Dawn

Dawn

Tuesday, March 04, 2014

Good & Bad News; Ravachol, O Bruxo y Fodorico; Carazy Carnival; Women; % A BBC puta gaffe.


Good news: Spain's jobless total fell in February, albeit by only a fraction. But, after 6 years of misery for non-bankers and non-politicians, anything that isn't bad news ranks as good news.

Bad news: These are the corruption cases currently going through the Galician courts, all of them involving civil servants. Accused numbers in brackets:- Pokemón (105); Campeón(40); Orquesta (26); Muralla (10); Patos (5). One wonders how they get their names. A competition in the police HQ? Throwing darts at a dictionary? As I may have said, the Galician President has said the Pokemón case is shocking but there isn't going to be any sort of investigation. Possibly because both major parties are equally implicated and so have made a Devils' pact.

I was a bit surprised to find yesterday that the film, Philomena, starring Judie Dench and Steve Coogan, has been given the title Philomena in Spanish. This exactitude is not a common occurrence here and someone will be out of a job if things continue like this.

This is the time of year when I have to introduce the character Ravachol. This is a parrot. A 19th century parrot, to be exact. And it's the large effigy which is paraded around town in a mock funeral cortege and then immolated in the main square on the evening of the first Saturday in Lent. Next Saturday, in other words. Between now and then, sorrowing mourners can register their names in a book of condolences in a specially constructed kiosk in the Plaza de la Peregrina. Come the Saturday (Health-&-Safety-free) incineration, there'll be hundreds of these mourners, dressed in a wide array of costumes, many of them irreligious. And there'll be a great deal of cross-dressing, something which Spanish males seem to enjoy more than you'd expect. Anyway, all the details are here. Incidentally, the most common effigy along this coast is a sardine but here in my barrio of Poio and also in the next-door barrio of Samieira they favour cockerels called O Bruxo and Fodorico, respectively. No idea why they've both turned away from the sardine tradition. But, so long as everyone has - rain permitting - a great deal of fun, it hardly matters. Actually, Fun, Come What May could well be Spain's national motto. Can anyone put it into Latin?

On the same subject but going wider afield, The Local here provides details of Spain's weirdest Carnival celebrations. Something for everyone.

The ladies who serve in my regular midday bar are all very pleasant and hard-working, as is true of all Spain. And they alway take care to ask me whether I want the tapa of tripe or something else instead.
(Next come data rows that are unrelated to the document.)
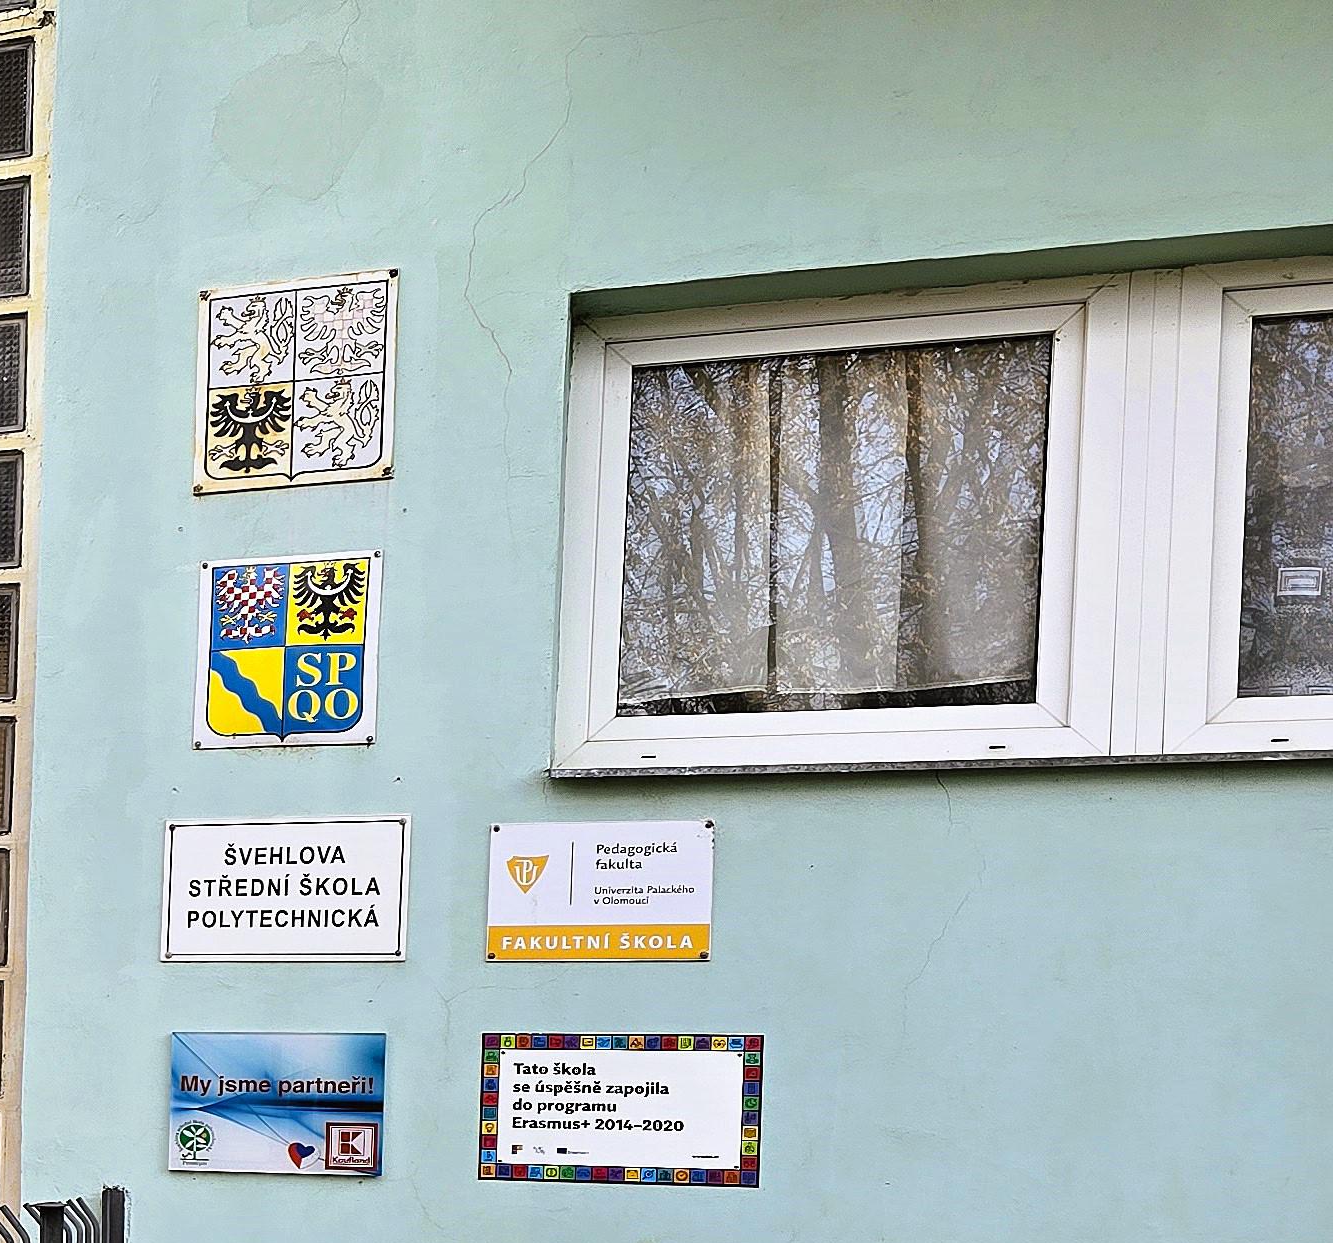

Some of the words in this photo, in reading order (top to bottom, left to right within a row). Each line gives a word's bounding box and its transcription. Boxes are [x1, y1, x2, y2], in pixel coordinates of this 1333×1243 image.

[296, 652, 357, 687] SP
[287, 688, 359, 723] QO
[224, 843, 346, 866] ŠVEHLOVA
[596, 841, 678, 857] Pedagogická
[595, 858, 643, 871] fakulta
[188, 874, 290, 897] STŘEDNÍ
[299, 873, 381, 896] ŠKOLA
[594, 886, 644, 895] Univerzita
[647, 884, 695, 895] Palackého
[602, 896, 649, 905] Olomouci
[187, 904, 380, 929] POLYTECHNICKÁ
[501, 932, 611, 950] FAKULTNÍ
[619, 932, 693, 949] ŠKOLA
[513, 1062, 549, 1075] Tato
[553, 1062, 596, 1076] škola
[181, 1075, 212, 1096] My
[217, 1075, 272, 1096] jsme
[278, 1076, 374, 1097] partneři!
[513, 1082, 531, 1093] se
[535, 1080, 602, 1097] úspěšně
[605, 1081, 670, 1097] zapojila
[512, 1098, 533, 1111] do
[537, 1101, 617, 1114] programu
[512, 1117, 591, 1130] Erasmus+
Yesterday, though, the service was exceptional. First, my glass of shandy was taken away and replenished, on the grounds the foam had been excessive. Then I was given 4 chunks of tortilla, followed 10 minutes later by another 4 pieces. Followed another 10 minutes later by a bowl of cocido, or pork, cabbage and potatoes. I suspect I was afforded this exemplary treatment because I'd told the waitress last week she looked elegantisima and had jocularly asked whether she had a new boyfriend. She'd replied that she didn't have either a new one or an old one. I wish I'd known years ago how easy it is to deal with women. My life would have been so very different.

Finally . . . Here's the BBC News' text on the recent Chinese New Year: Welcome to the Year of the Whores.


Author's Note: A Galician reader recently took me to task, gently, for writing of feismo (ugliness) here in Galicia. So, here's something from yesterday's Voz de Galicia which is very much to the point.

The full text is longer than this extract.